C'est une métaphore bien sûr... Moi, je ne prends pas le train. J'habite à quelques centaines de mètres de l'hôpital où je travaille. Mais je pense que je suis dans le vrai, la vie ressemble assez à ça. La mienne est juste un peu différente : je ne sais pas exactement dans quel train je suis. Celui que je sens sous mes pieds, ou bien l'express d'en face, aux lignes indistinctes tellement il va vite. Aux visages que je croise ici, je dois ajouter ceux que j'aperçois là-bas. Comme si j'avais dans ma tête la mémoire de deux vies. C'est beaucoup pour un tout petit cerveau. C'est déroutant à bien des titres. Comme ce matin, quand je passe la tête dans la salle d'attente. C'est Dimanche matin, service minimum, emmerdes maximum. Personne n'est prêt à laisser filer son dimanche. Quand j'étais célibataire, ça m'arrangeait bien : je les récupérais tous. Maintenant, je m'adapte en fonction de Nicolas. Et ce week-end, il reste sur Paris. Officiellement, il a du boulot. En vérité, j'ai l'impression qu'il me laisse un peu d'espace. Enfin bref... quand je passe la tête dans la salle d'attente, j'ai une drôle d'impression. Comme si je reconnaissais quelqu'un mais sans savoir qui. Je fais un coucou désinvolte à Catherine, à l'accueil, mais ça tourne dans ma tête. Quelqu'un de ce monde, ou de l'autre ? Ou qui sait, aucun des deux : c'est peut-être juste mon imagination.
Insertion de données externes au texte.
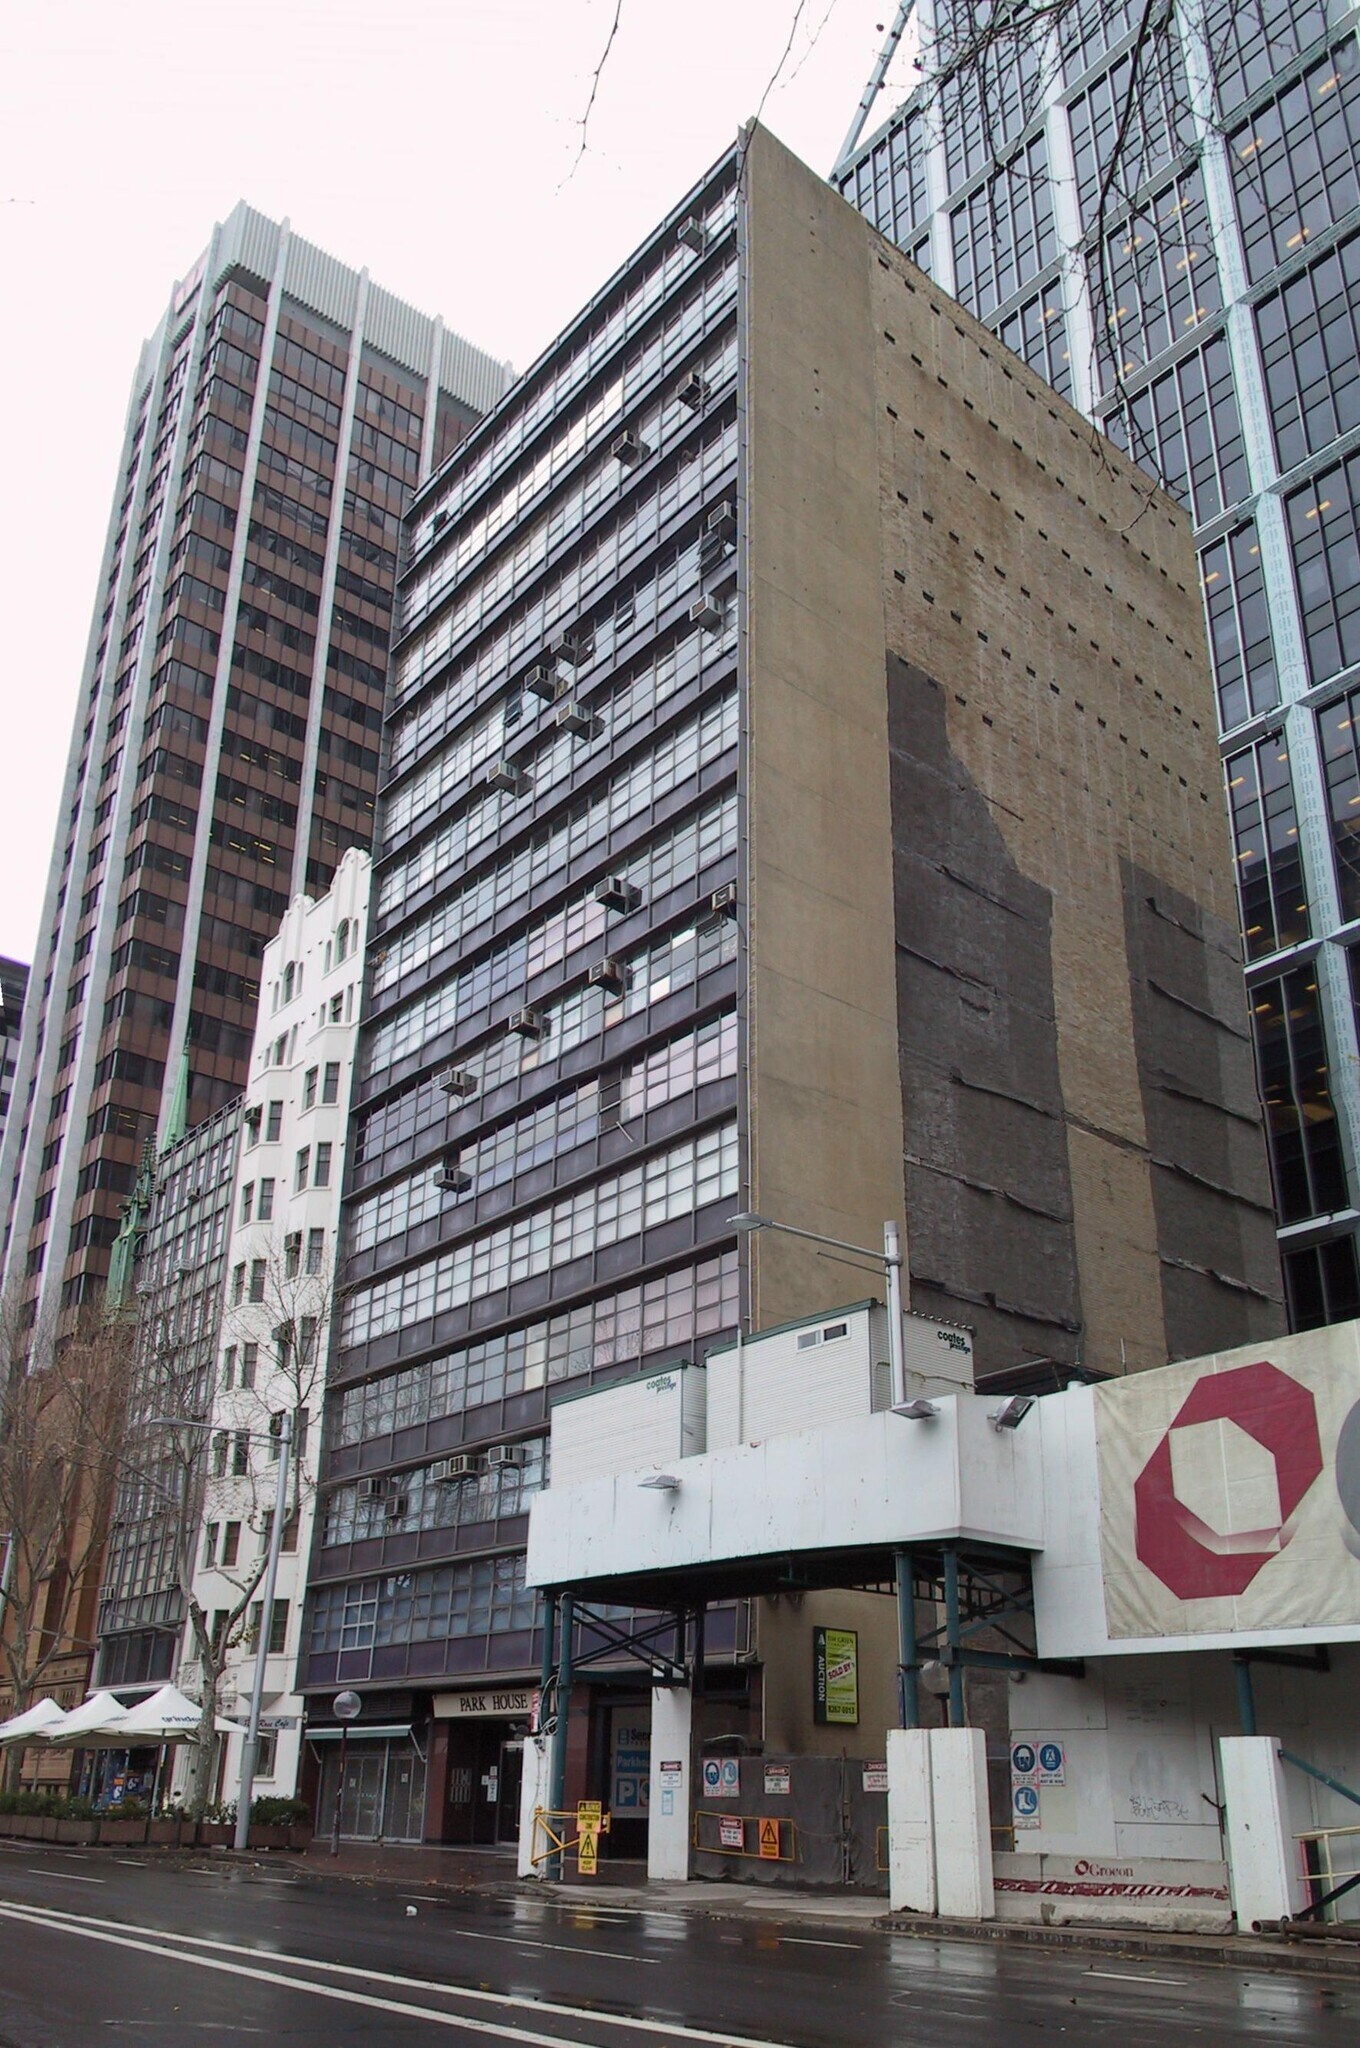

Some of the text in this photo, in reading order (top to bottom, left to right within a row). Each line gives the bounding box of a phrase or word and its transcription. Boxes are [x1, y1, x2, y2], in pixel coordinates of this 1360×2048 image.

[938, 1331, 965, 1346] coates
[646, 1376, 671, 1390] coates
[818, 1656, 826, 1702] AUCTION
[828, 1661, 852, 1680] SOLD BY
[460, 1694, 528, 1711] PARK HOUSE
Je passe à mon vestiaire, et j'enfile ma blouse en vitesse. Je vérifie mon téléphone avant de le déposer dans mon casier. Tiens, j'ai reçu un texto de Florence. "peus tu contacter Jeff il s'inquiete pour toi" Bah tiens, tu m'en diras tant. Il ne pourrait pas me le dire lui-même ? Je n'aime pas ces façons de faire. Et pour me dire quoi, d'ailleurs ? Que Nicolas n'est pas un mec pour moi, que je ne suis pas capable de me gérer toute seule, ou n'importe quelle connerie du même genre. Qu'il aille se faire voir ! Il n'y a pas si longtemps je me désolais de ne pas avoir de leurs nouvelles. Je fais glisser le portable jusqu'au fond du casier.

"- Ça va ?"

Hélène... Commère et probable esprit démoniaque. Je n'ai pas envie de lui répondre, mais je ne veux pas risquer l'esclandre. Je me fends d'un grognement qu'elle pourra interpréter à sa guise. Il faut croire que ça lui convient.

"Fais gaffe à tes fesses : c'est Double J qui est de garde aujourd'hui. Je sais de source sûre qu'il est tatoué. De partout !"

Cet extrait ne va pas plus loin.